SOURCE RECORDS below:
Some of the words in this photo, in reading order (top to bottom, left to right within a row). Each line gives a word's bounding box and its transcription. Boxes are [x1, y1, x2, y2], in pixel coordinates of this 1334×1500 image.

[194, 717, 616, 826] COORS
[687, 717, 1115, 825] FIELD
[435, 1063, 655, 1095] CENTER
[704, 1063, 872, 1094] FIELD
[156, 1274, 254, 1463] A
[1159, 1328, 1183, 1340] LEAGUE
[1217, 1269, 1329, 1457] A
End of SOURCE RECORDS.
TASK — Print the whole listing above exactly, please.

RESPONSE —
Some of the words in this photo, in reading order (top to bottom, left to right within a row). Each line gives a word's bounding box and its transcription. Boxes are [x1, y1, x2, y2], in pixel coordinates of this 1334×1500 image.

[194, 717, 616, 826] COORS
[687, 717, 1115, 825] FIELD
[435, 1063, 655, 1095] CENTER
[704, 1063, 872, 1094] FIELD
[156, 1274, 254, 1463] A
[1159, 1328, 1183, 1340] LEAGUE
[1217, 1269, 1329, 1457] A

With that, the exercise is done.